Moon's desire to serve God in China was delayed by the final years of the American Civil War, but her vision was ultimately fulfilled and she became one of the first unmarried women ever sent to the mission field by the Southern Baptists. After arriving at Yantai, the new recruit headed overland to Penglai—a trip of two days.


Lottie's entire 40-year missionary career was spent in Shandong, first at Penglai and later in Pingdu. She spent countless hours traveling around the province in a shengche ('rope cart')—a contraption that was described as


"like a covered wagon slung on poles instead of wheels. It was a sort of basket turned on its side with mouth pointed forward. It was covered by a thick cloth which more or less weather-proofed the inside. The shengche poles were fastened on mules in front and behind. One or more drivers walked beside to guide the beasts through narrow, rutted trails. Inside the housing, the passenger lay back on mountains of bedding to cushion the jolts. The ride was violent and often sickening." 1

Lottie Moon often traveled around the Shandong countryside in this 'shengche'.
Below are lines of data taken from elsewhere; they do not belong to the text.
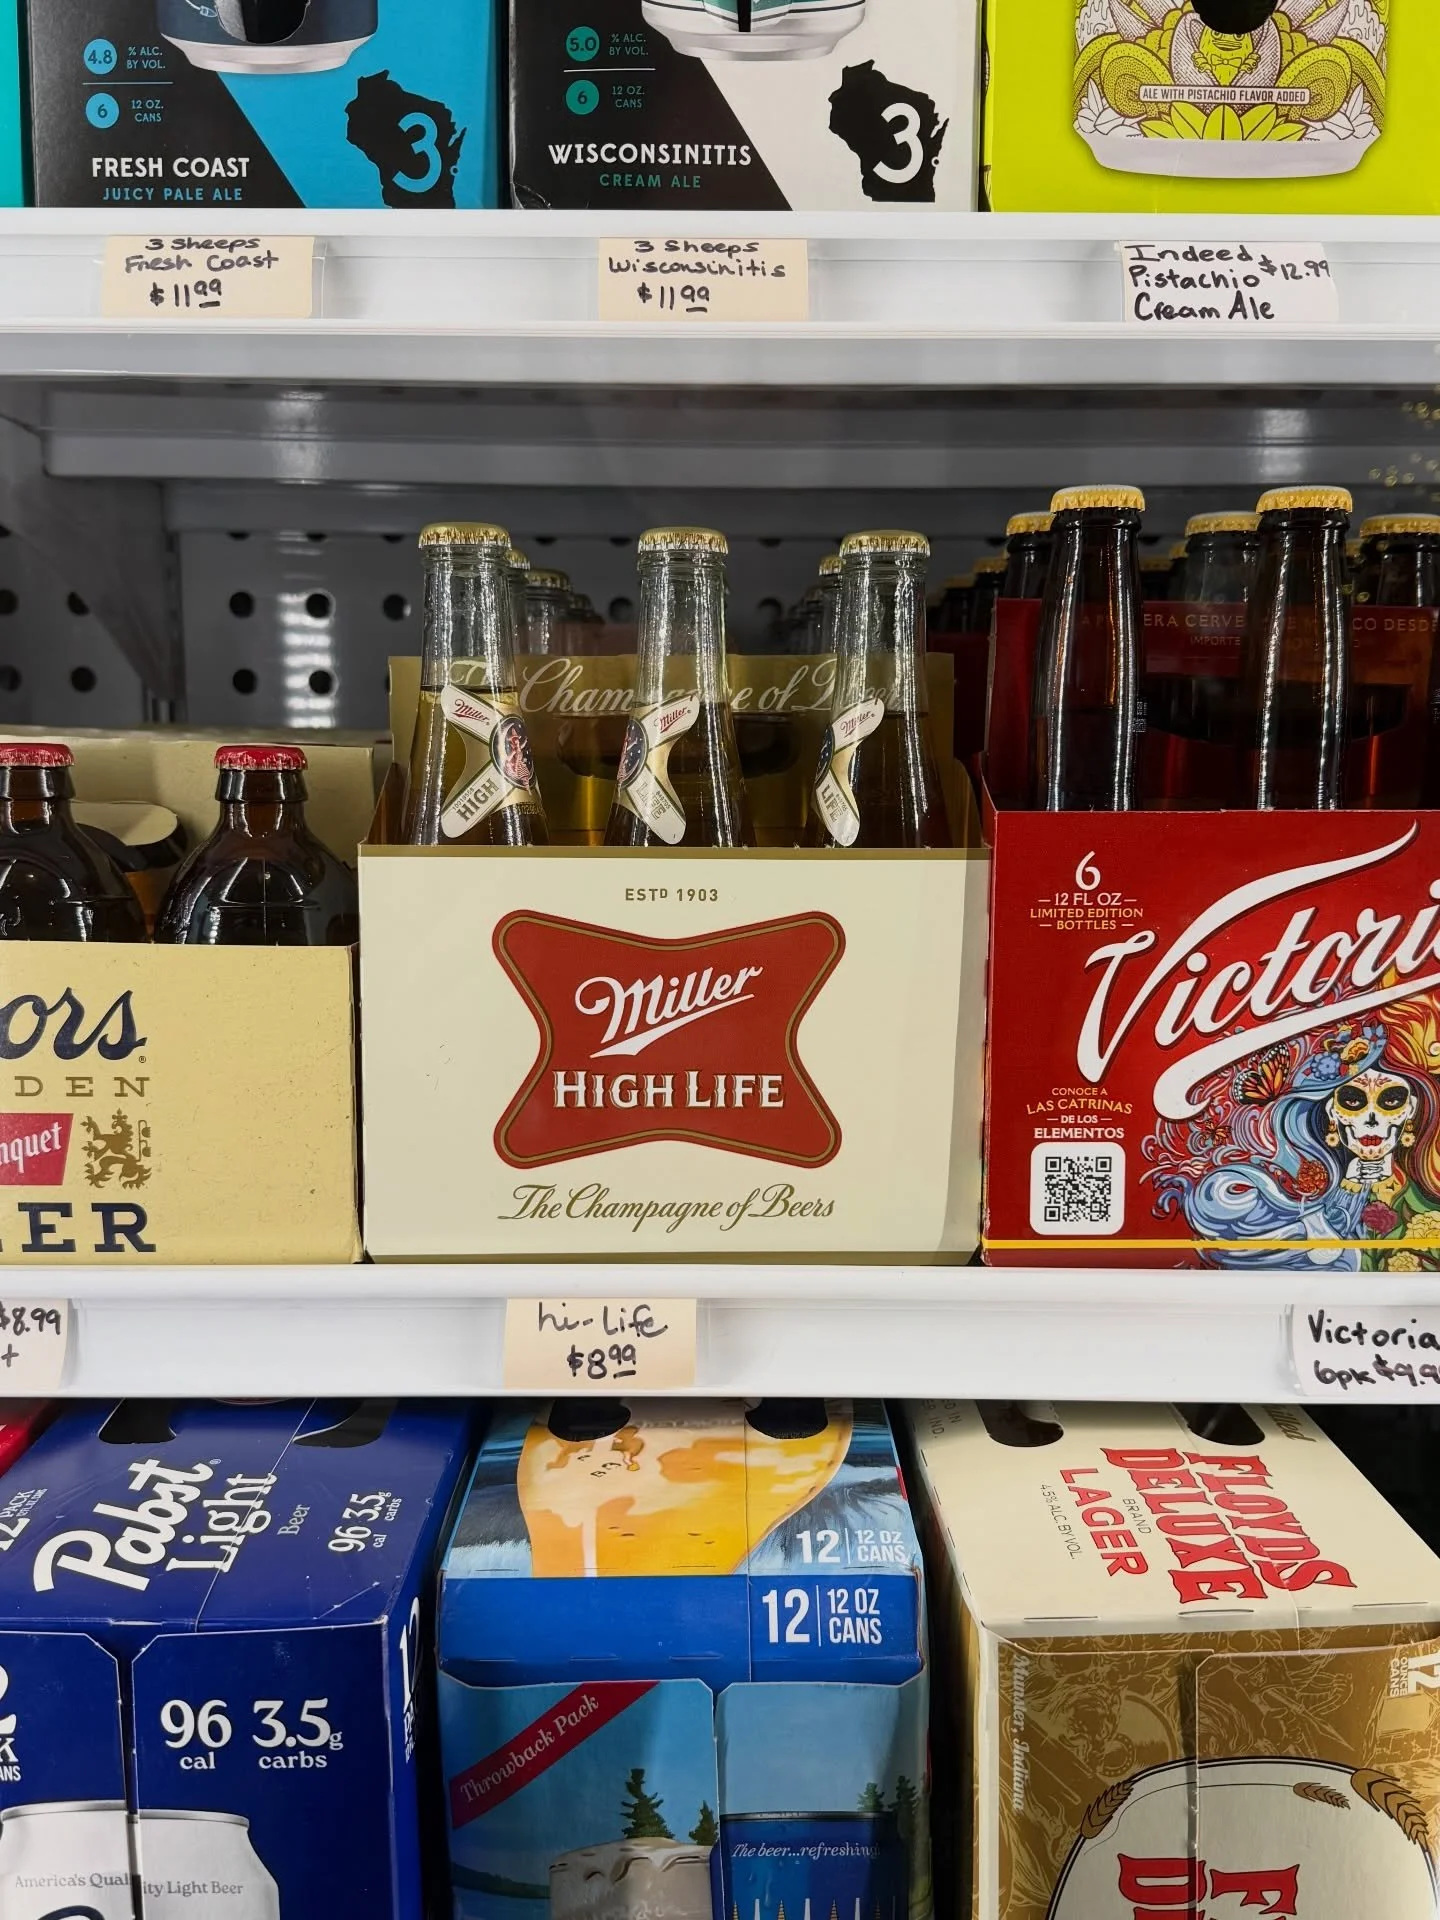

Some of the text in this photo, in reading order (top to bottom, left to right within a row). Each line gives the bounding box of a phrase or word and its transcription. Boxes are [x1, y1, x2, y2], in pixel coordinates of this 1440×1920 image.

[569, 36, 597, 53] 5.0
[611, 33, 647, 44] % ALC.
[87, 48, 113, 65] 4.8
[127, 46, 164, 57] % ALC.
[609, 45, 649, 57] BY VOL.
[127, 59, 166, 70] BY VOL.
[577, 90, 588, 105] 6
[612, 85, 645, 96] 12 OZ.
[1142, 88, 1307, 103] ALE WITH PISTACHIO FLAVOR ADDED
[97, 103, 108, 119] 6
[131, 99, 164, 110] 12 OZ.
[615, 98, 643, 110] CANS
[134, 111, 163, 123] CANS
[392, 112, 443, 193] 3
[548, 143, 752, 166] WISCONSINITIS
[872, 102, 925, 184] 3
[92, 157, 250, 178] FRESH COAST
[600, 173, 702, 189] CREAM ALE
[103, 187, 243, 201] JUICY PALE ALE
[145, 238, 164, 250] 3
[634, 241, 655, 253] 3
[125, 250, 279, 273] Fresh Coast
[608, 257, 787, 278] Wisconsinitis
[1124, 244, 1331, 282] Indeed $12.99
[1129, 265, 1261, 289] Pistachio
[1134, 290, 1275, 321] Cream Ale
[453, 699, 490, 723] Miller
[654, 706, 687, 733] Miller
[456, 778, 499, 822] HIGH
[1075, 850, 1101, 891] 6
[676, 888, 719, 902] 1903
[1055, 893, 1122, 906] 12 FL OZ
[1030, 908, 1143, 919] LIMITED EDITION
[1057, 919, 1117, 930] BOTTLES
[1077, 819, 1440, 1082] Victori
[575, 966, 763, 1058] Miller
[552, 1070, 785, 1109] HIGH LIFE
[1051, 1087, 1109, 1097] CONOCE A
[1026, 1098, 1133, 1115] LAS CATRINAS
[1061, 1115, 1098, 1124] DE LOS
[1034, 1127, 1124, 1139] ELEMENTOS
[497, 1182, 836, 1234] The Champagne of Beers
[0, 1202, 156, 1252] ER
[1307, 1309, 1440, 1351] Victoria
[1313, 1353, 1440, 1390] 6pk $9.9
[33, 1458, 214, 1592] Pabst
[166, 1472, 278, 1573] Light
[277, 1504, 311, 1536] Beer
[373, 1498, 402, 1548] cal carbs
[1048, 1503, 1067, 1524] ALC.
[1059, 1468, 1149, 1577] LAGER
[1122, 1498, 1152, 1534] BRAND
[1183, 1450, 1358, 1591] FLOYDS
[1058, 1524, 1075, 1537] BY
[1100, 1447, 1269, 1605] DELUXE
[328, 1526, 372, 1552] 96
[796, 1529, 908, 1564] 12 12 OZ CANS
[1064, 1537, 1082, 1560] VOL.
[762, 1589, 882, 1645] 12 12 OZ CANS
[1390, 1658, 1400, 1697] CANS
[1400, 1656, 1408, 1696] OUNCE
[160, 1699, 232, 1749] 96
[460, 1727, 556, 1803] Throwback
[552, 1694, 600, 1740] Pack
[180, 1751, 327, 1770] cal carbs
[1011, 1739, 1031, 1810] Indiana
[732, 1843, 756, 1857] The
[15, 1873, 87, 1888] America's
[167, 1880, 209, 1896] Light
[212, 1881, 244, 1895] Beer
Soon after settling into her work, Moon's contribution to the cause of the gospel in China began to emerge through her writings and passionate challenges to church members in her homeland. Despite standing just four feet, three inches (1.3 meters) tall, Lottie's words packed a powerful punch. Not content just to send letters to private individuals, she wrote directly to magazines and newspapers, which were glad to publish her unique and politically-incorrect views. Numerous memorable quotes flowed from her pen.


One of Lottie's first blunt rebukes of the Southern Baptist churches came just months after her arrival in China, when she wrote,


"It is odd that a million Baptists of the South can furnish only three men for all China. Odd that with 500 preachers in the state of Virginia, we must rely on a Presbyterian to fill a Baptist pulpit here. I wonder how these things look in heaven. They certainly look very queer in China." 2


As Moon matured as a believer her challenges became even more piercing. She even rebuked her own mission board for sending missionaries to Africa, while many Baptist church members in the southern states continued to oppress black people.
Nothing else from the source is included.